People cannot separate judgement of these things from judgement of a person’s views, even if they think they can. In practice, forum posts are often judged by the views they express (“capitalism is bad” is frowned upon), and even worse, by their style of reasoning (STEM-like arguments and phrasing is much more accepted, quantification and precision are encouraged even when inappropriate). Object-level engagement is appreciated over other forms, disregarding that it is only sometimes right to engage this way.
As I see it, the vision of a rational, logical, strongly truth-seeking forum is an illusion, and this illusion is used to drive out people with more diverse backgrounds or who come from underrepresented schools of thought.
High Standards
I personally have very high standards. There are many posts I want to write, but I really want them to be thorough and convincing, and to engage with relevant materials. You can see the result—I have written none! Is this actually helpful?
I think there can be value in posts that reiterate old content, perhaps even when they leave out important bits or have problematic logic. I have two reasons:
The forum guides the movement not only through building a common knowledge base, but also through representing the growing community’s views.
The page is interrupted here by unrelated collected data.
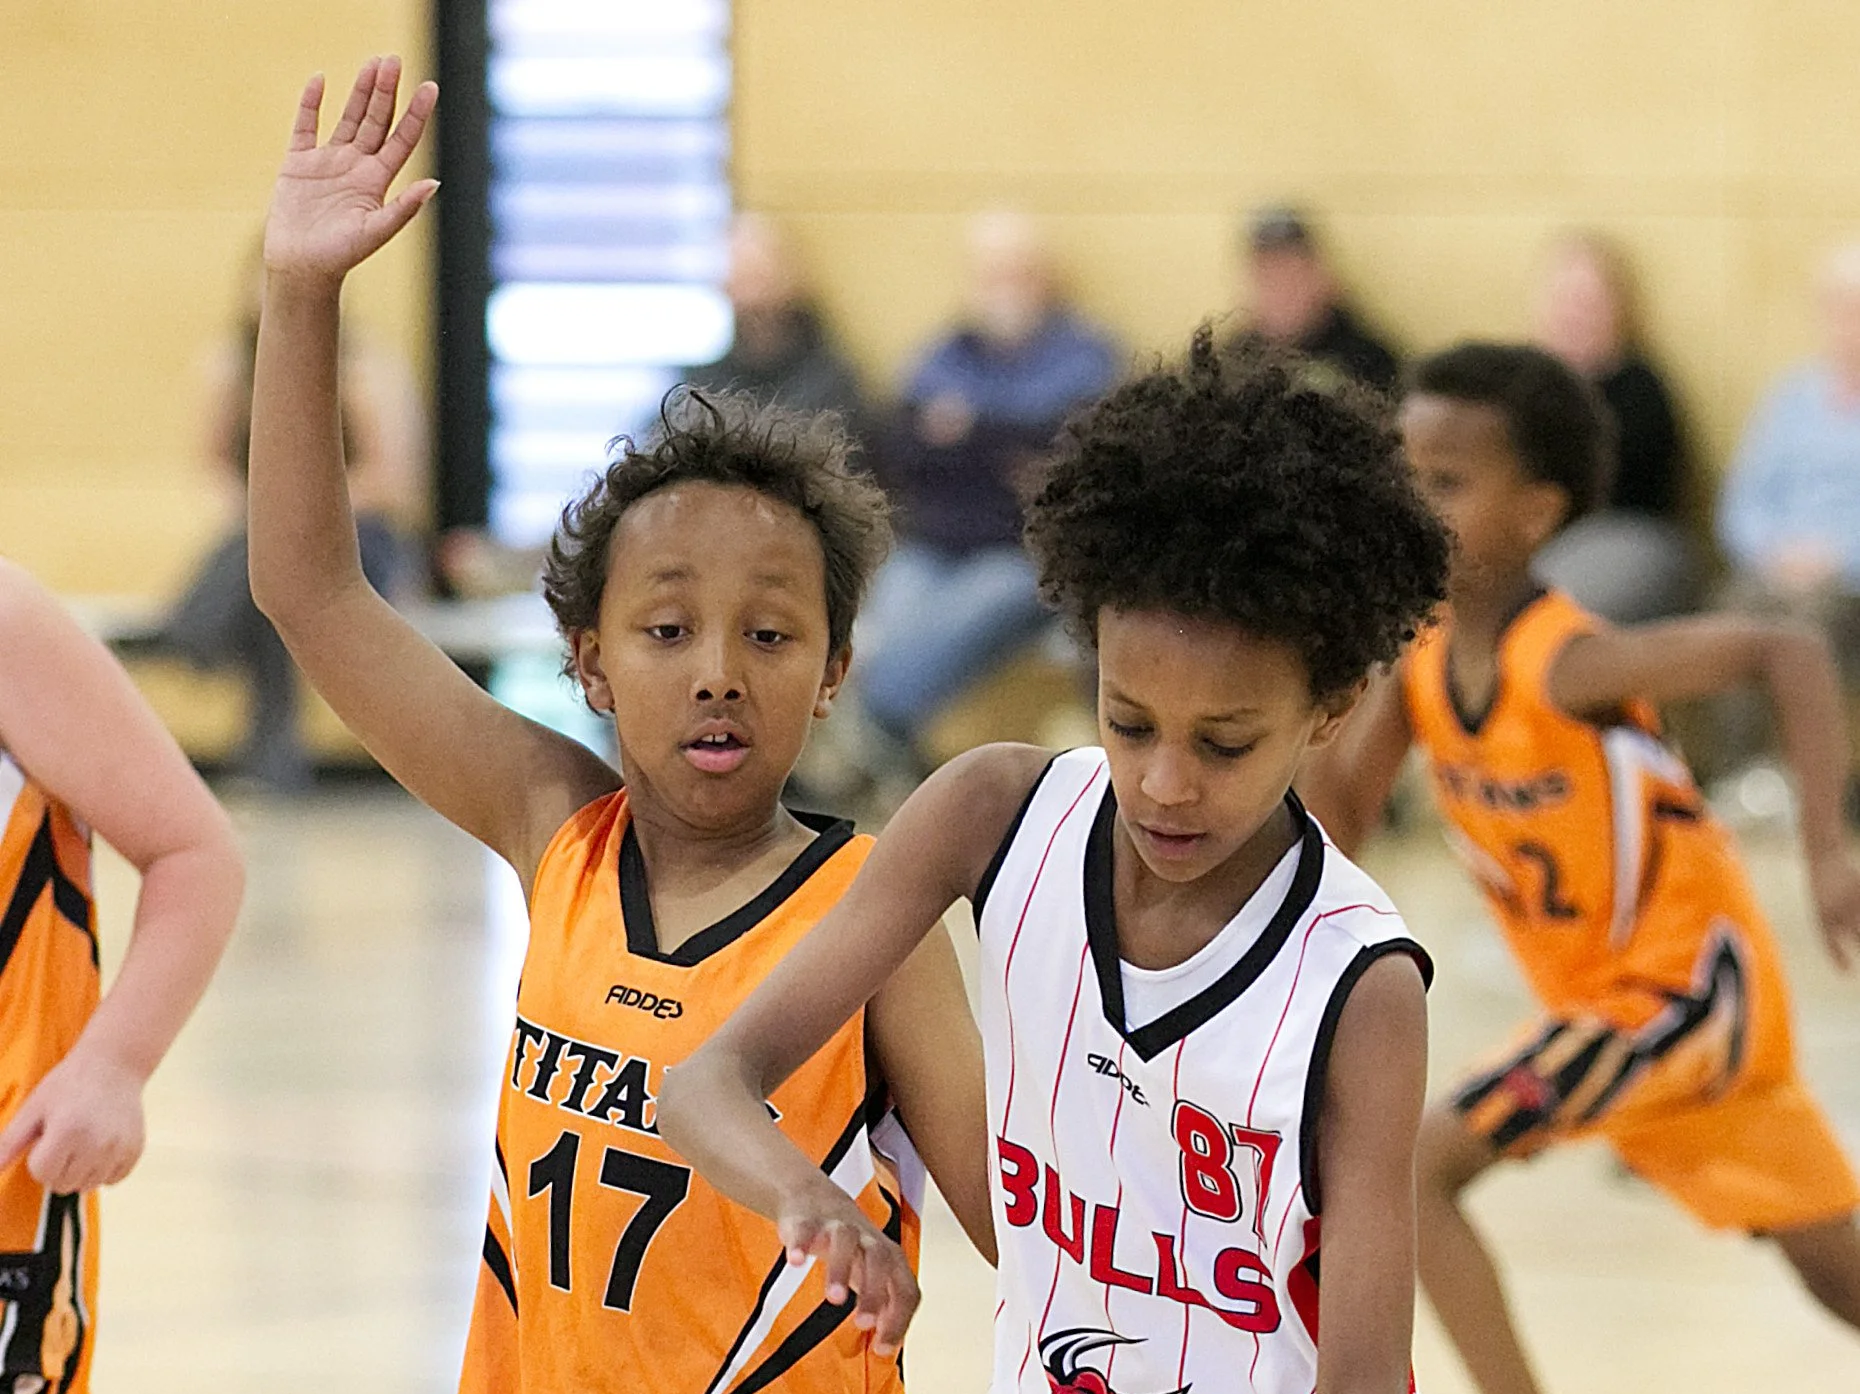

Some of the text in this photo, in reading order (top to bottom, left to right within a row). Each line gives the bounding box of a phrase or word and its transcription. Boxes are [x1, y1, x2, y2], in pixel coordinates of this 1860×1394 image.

[511, 1014, 782, 1138] TITA
[528, 1131, 693, 1314] 17
[996, 1134, 1282, 1333] BULLS
[1171, 1099, 1282, 1248] 87
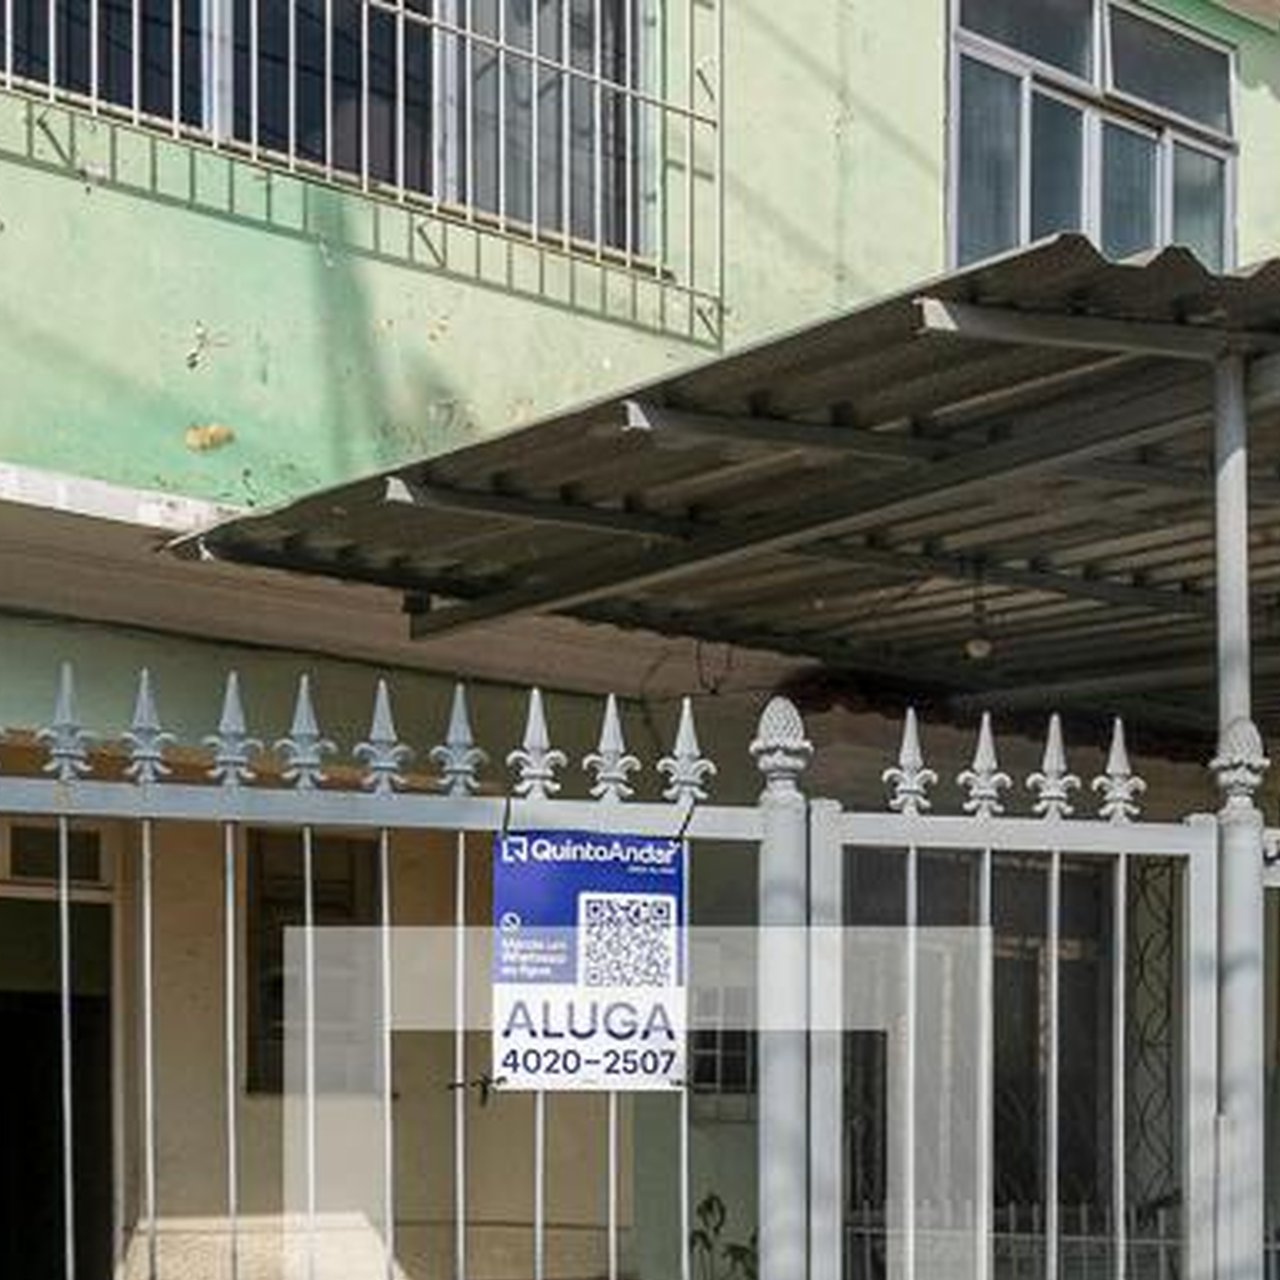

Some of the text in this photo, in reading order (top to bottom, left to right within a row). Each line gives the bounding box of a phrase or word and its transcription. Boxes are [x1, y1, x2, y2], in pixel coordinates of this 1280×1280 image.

If, for example, 8 years ago someone had written that it’s acceptable to work for a tobacco company in order to donate to high impact charities—how would you know how many current EAs share that view? The view itself is not an empirical question, and the old post’s karma tells you nothing about this. A new post, letting the community reengage with the ideas, might.
As noted in the OP and elsewhere, EAs love to criticise EA. I’m in favor of that—there are lots of problems, and we need to notice and fix them. Alas, many are noticed but then not fixed. If 8 years ago someone had written about how diversity of experience is important, but nowadays the movement is still composed almost entirely of people from Western countries, and most community building resources also go there—it means no meaningful action is being taken to fix the problem, so it needs to be reiterated.